### What is needed
Whatever appears in the records, retype it exactly, except for the pictures.

[Source data]

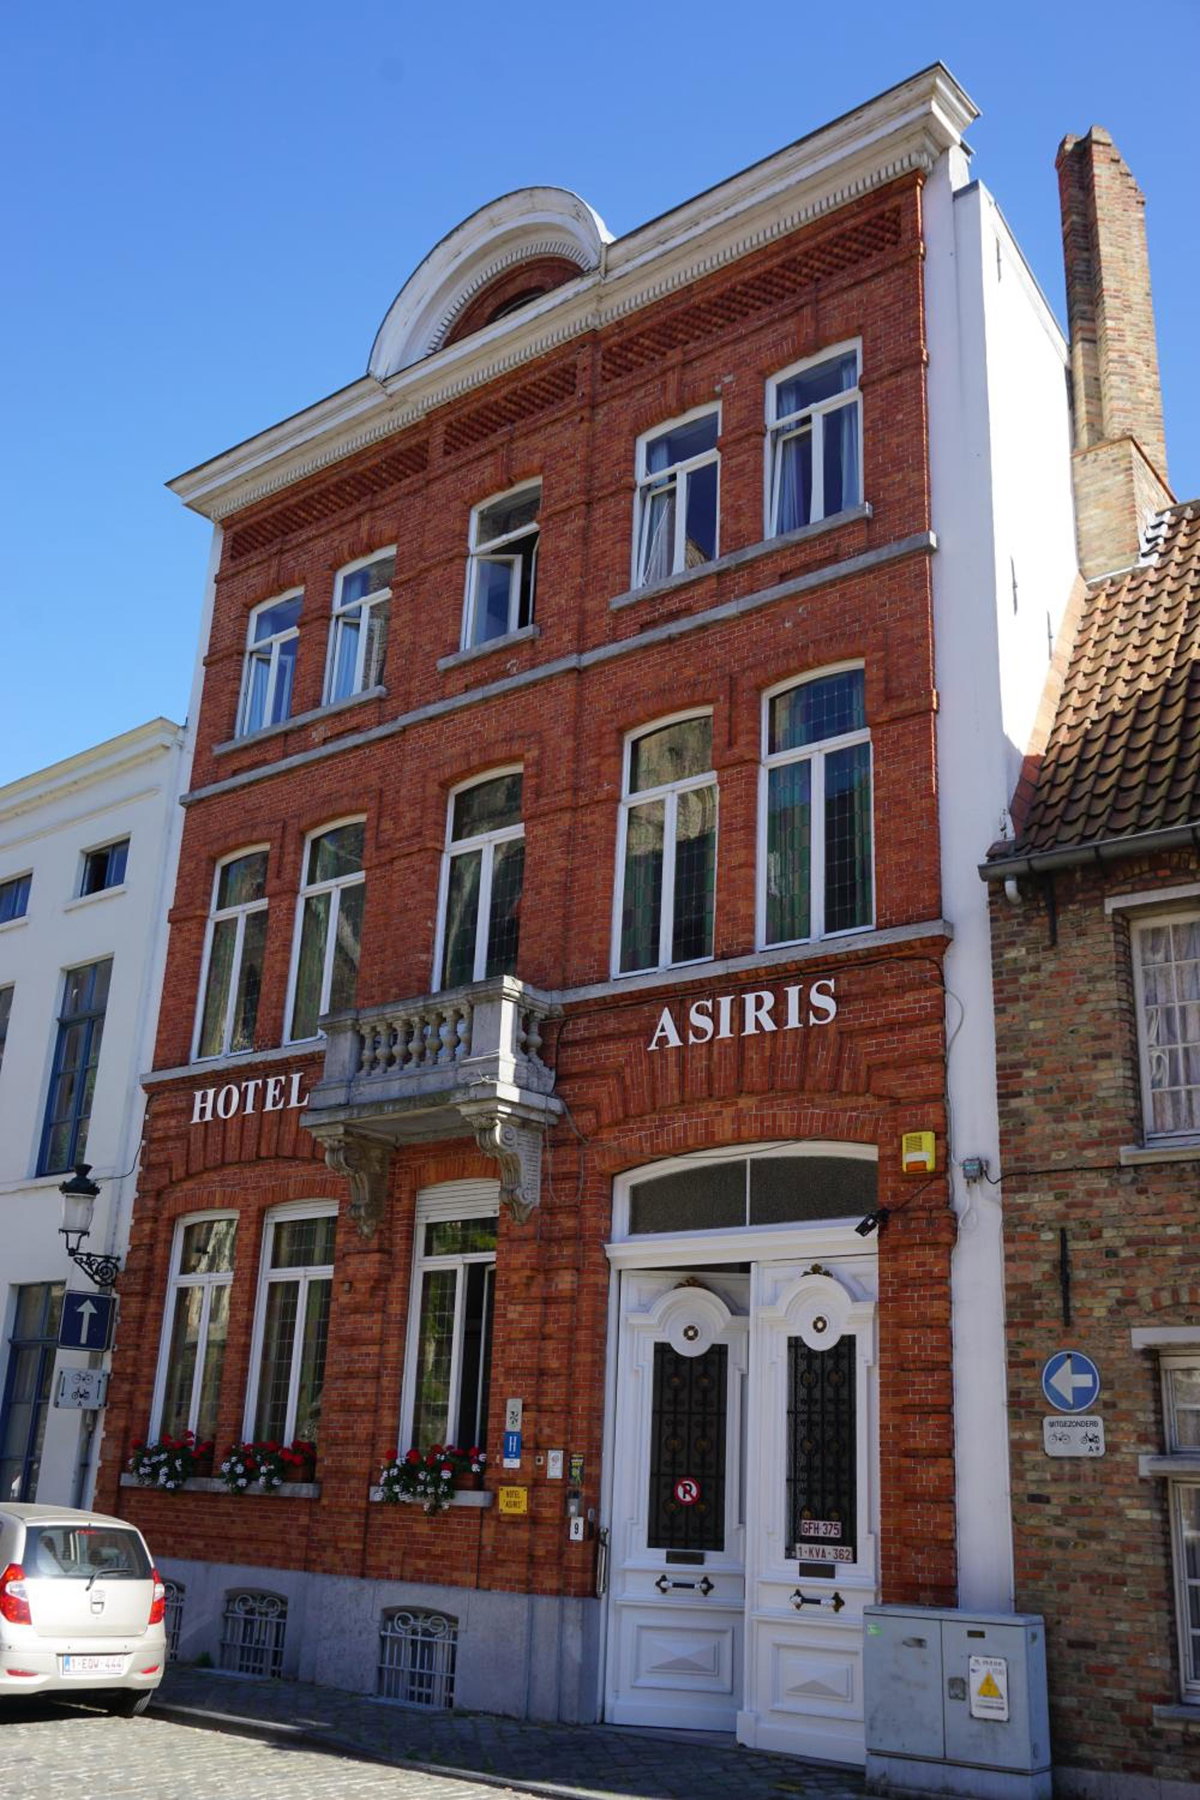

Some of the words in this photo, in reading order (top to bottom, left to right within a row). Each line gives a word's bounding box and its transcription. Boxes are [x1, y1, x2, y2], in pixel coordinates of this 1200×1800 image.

[647, 979, 837, 1051] ASIRIS
[190, 1072, 309, 1124] HOTEL
[574, 1522, 579, 1535] 9
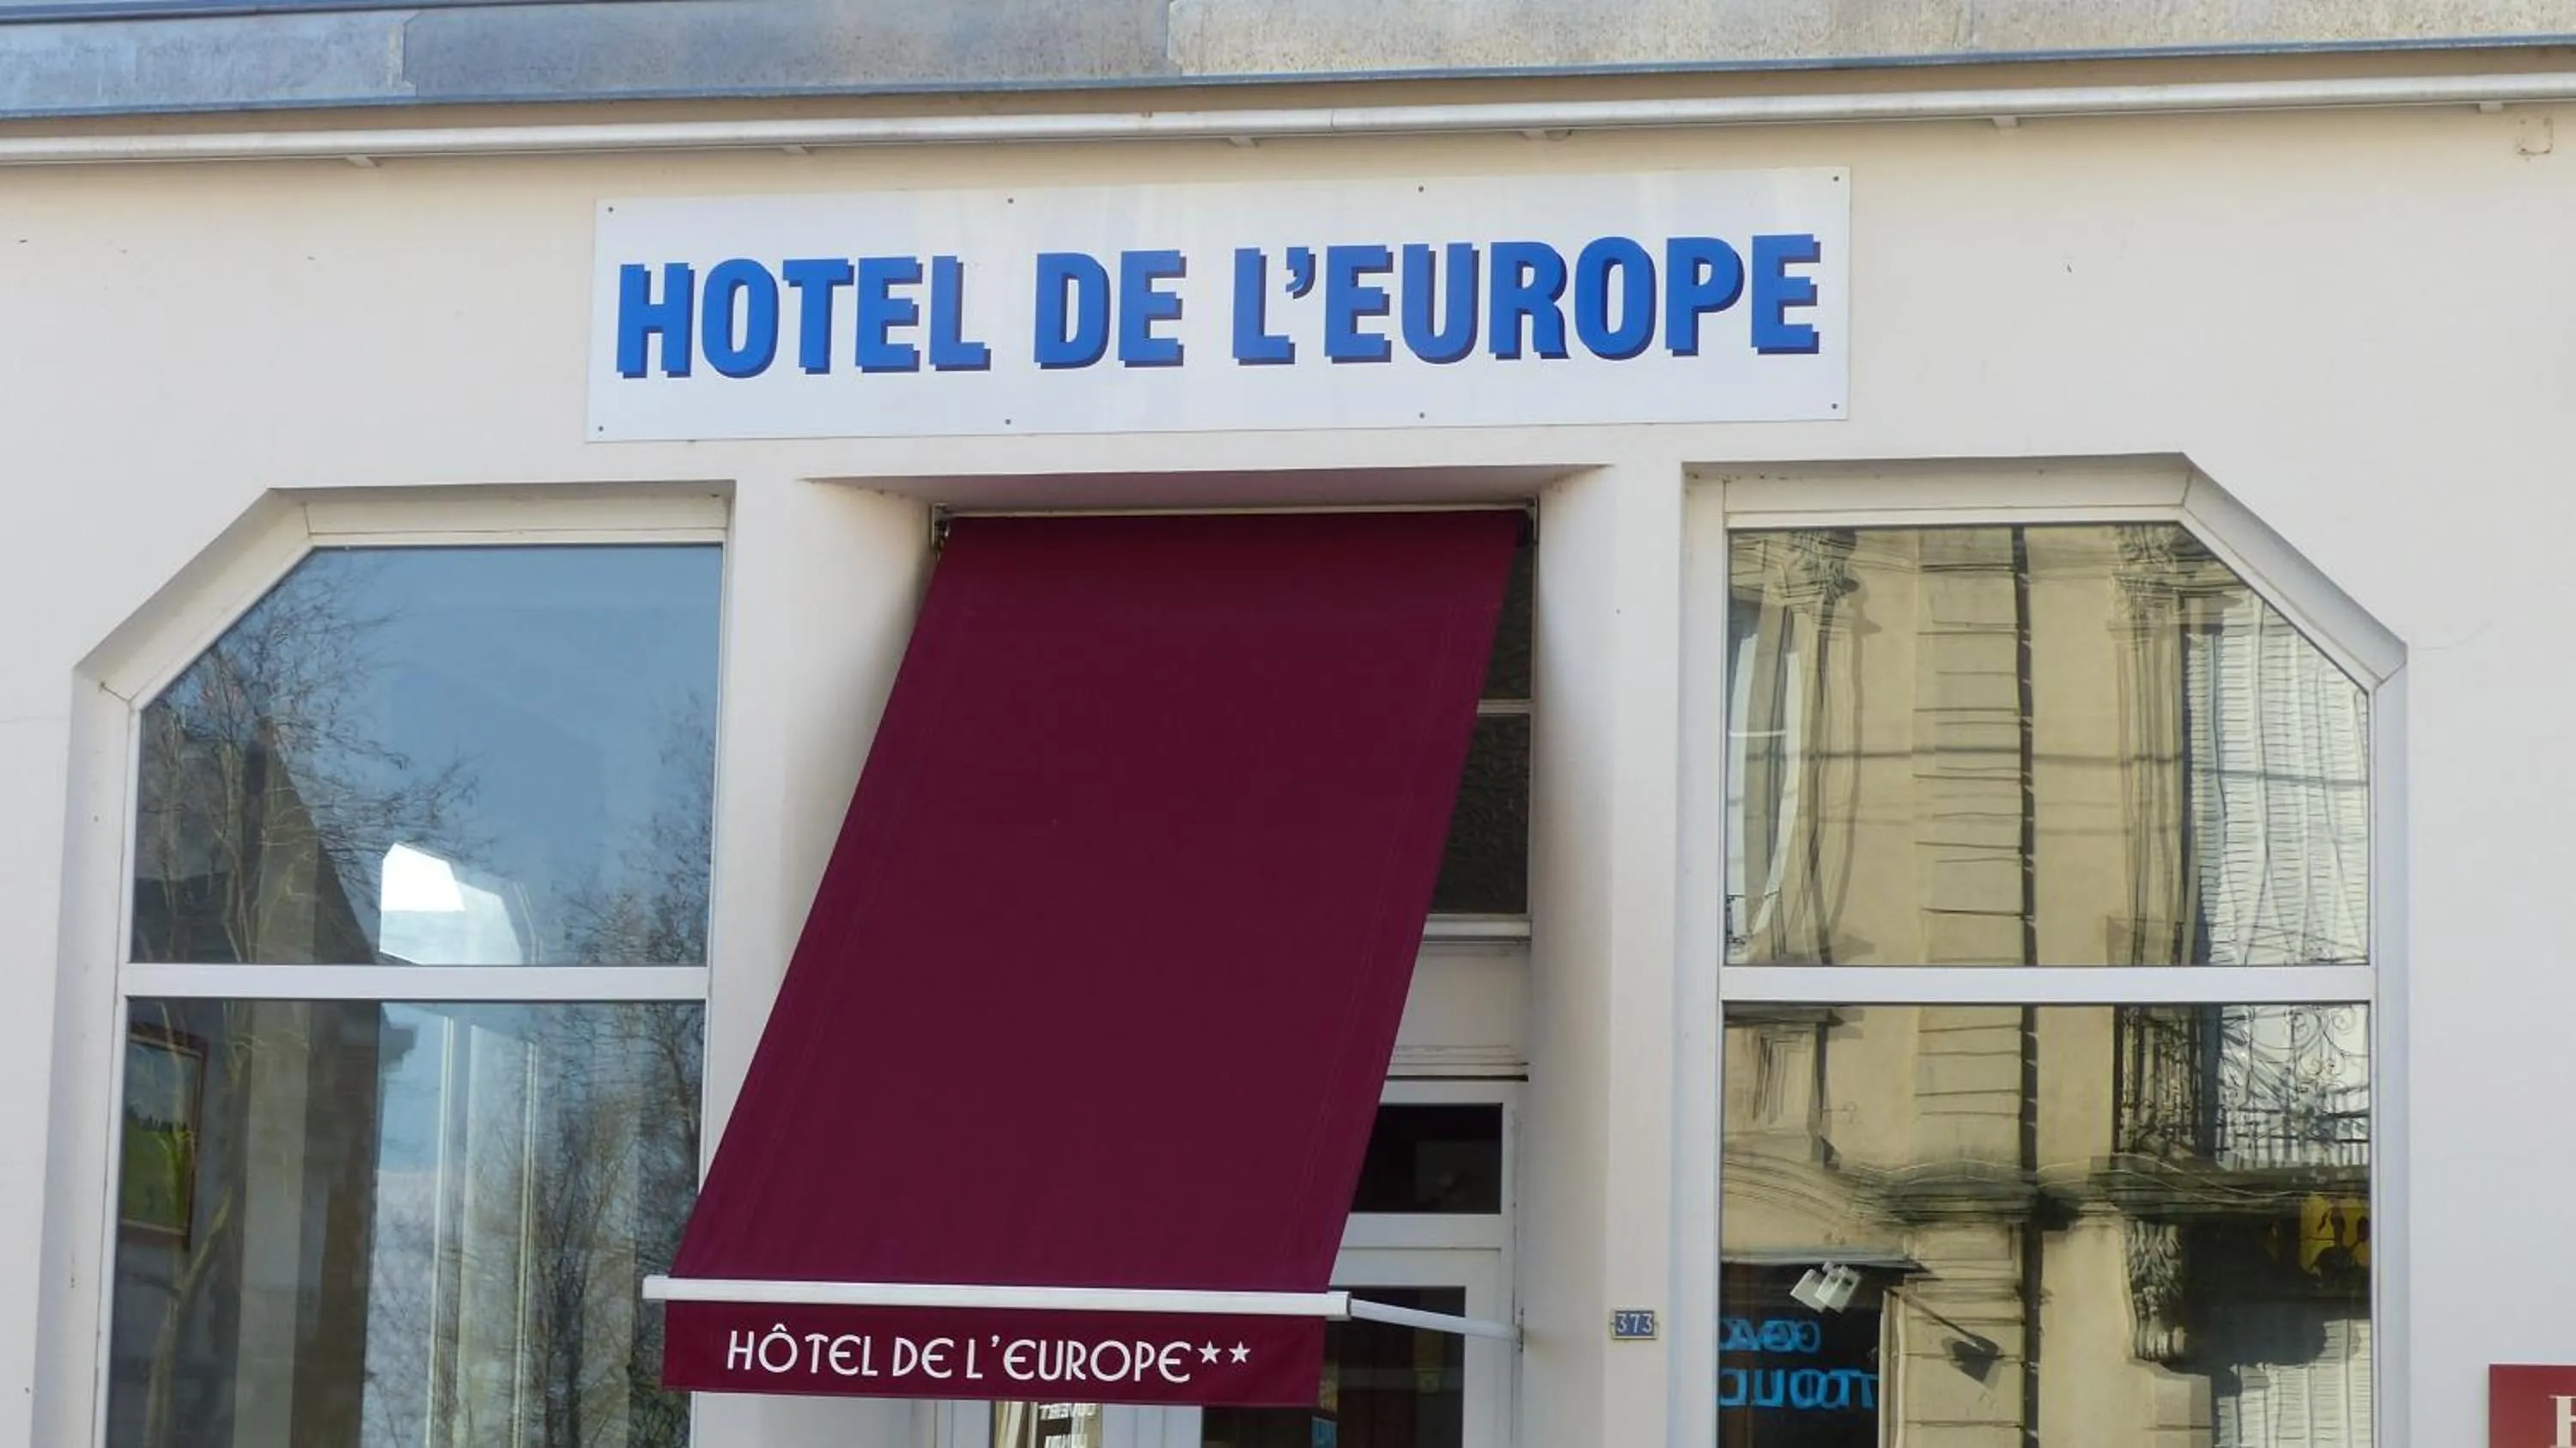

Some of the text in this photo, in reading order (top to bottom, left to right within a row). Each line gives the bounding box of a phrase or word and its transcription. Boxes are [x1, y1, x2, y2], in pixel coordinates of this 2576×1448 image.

[617, 233, 1821, 379] HOTEL DE L'EUROPE
[726, 1323, 878, 1377] HÔTEL
[892, 1337, 954, 1378] DE
[1616, 1313, 1653, 1334] 373
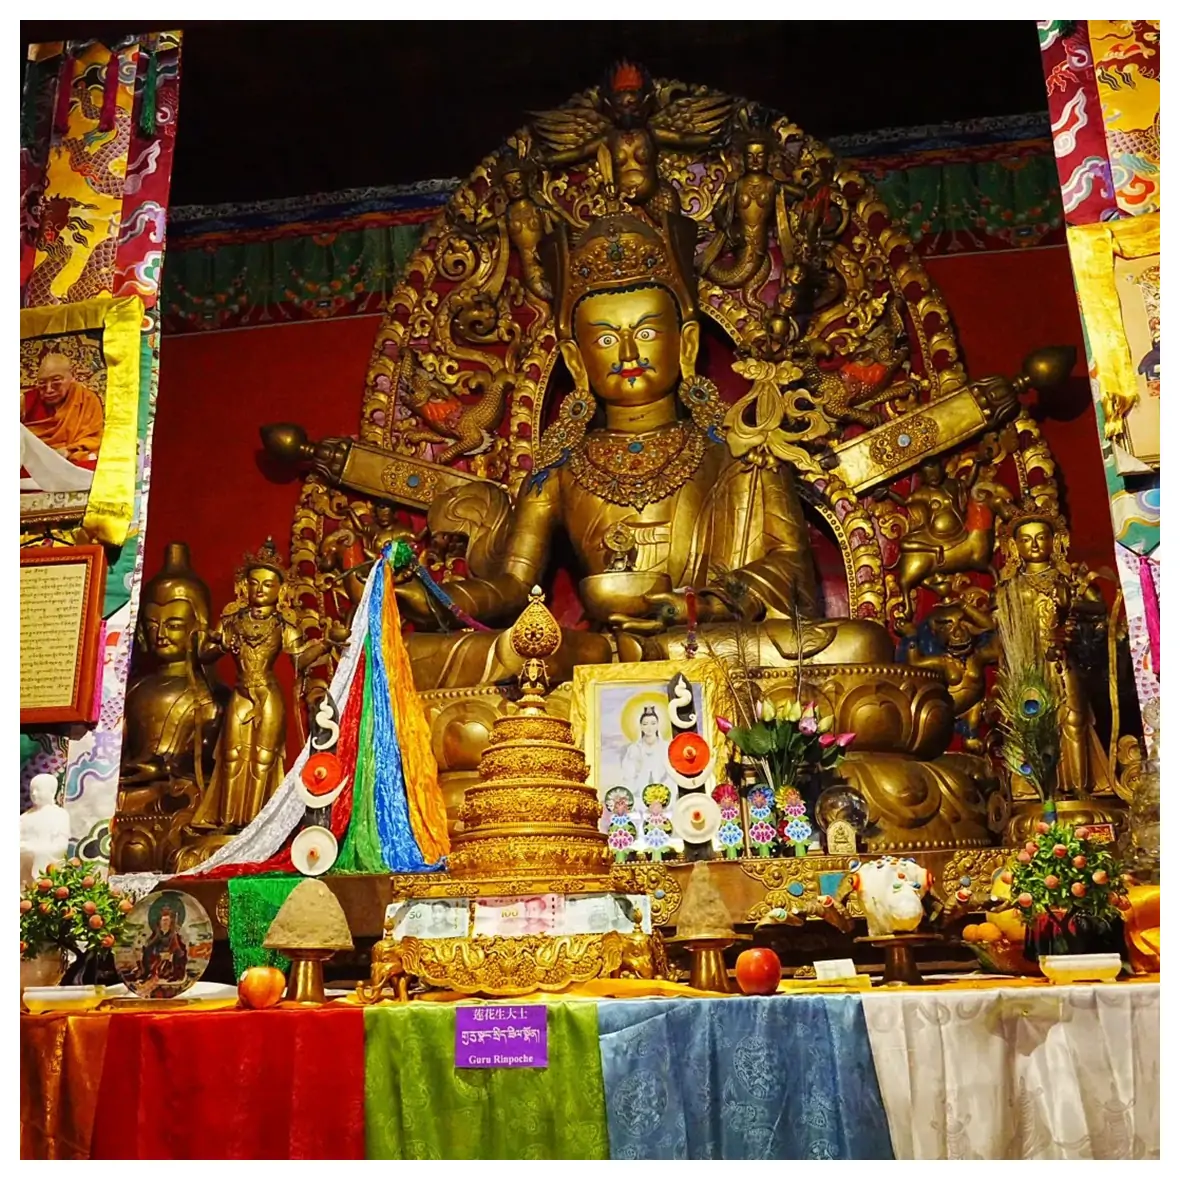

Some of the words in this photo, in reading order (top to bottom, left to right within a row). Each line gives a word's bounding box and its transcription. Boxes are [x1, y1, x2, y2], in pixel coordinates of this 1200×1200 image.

[/Source data]

### Written response
Some of the words in this photo, in reading order (top to bottom, left to right within a row). Each line gives a word's bounding box and its transcription. Boxes are [x1, y1, x2, y2], in pixel coordinates of this 1200×1800 image.

[647, 979, 837, 1051] ASIRIS
[190, 1072, 309, 1124] HOTEL
[574, 1522, 579, 1535] 9

Some of the text in this photo, in reading order (top to bottom, left to right within a row). Each line gives the bounding box of a phrase or word and its transcription. Boxes are [x1, y1, x2, y2], in pixel coordinates of this 2576×1448 image.

[617, 233, 1821, 379] HOTEL DE L'EUROPE
[726, 1323, 878, 1377] HÔTEL
[892, 1337, 954, 1378] DE
[1616, 1313, 1653, 1334] 373

Some of the words in this photo, in reading order (top to bottom, left to right within a row). Each line gives a word's bounding box and its transcription. Boxes are [x1, y1, x2, y2], in pixel coordinates of this 1200×1200 image.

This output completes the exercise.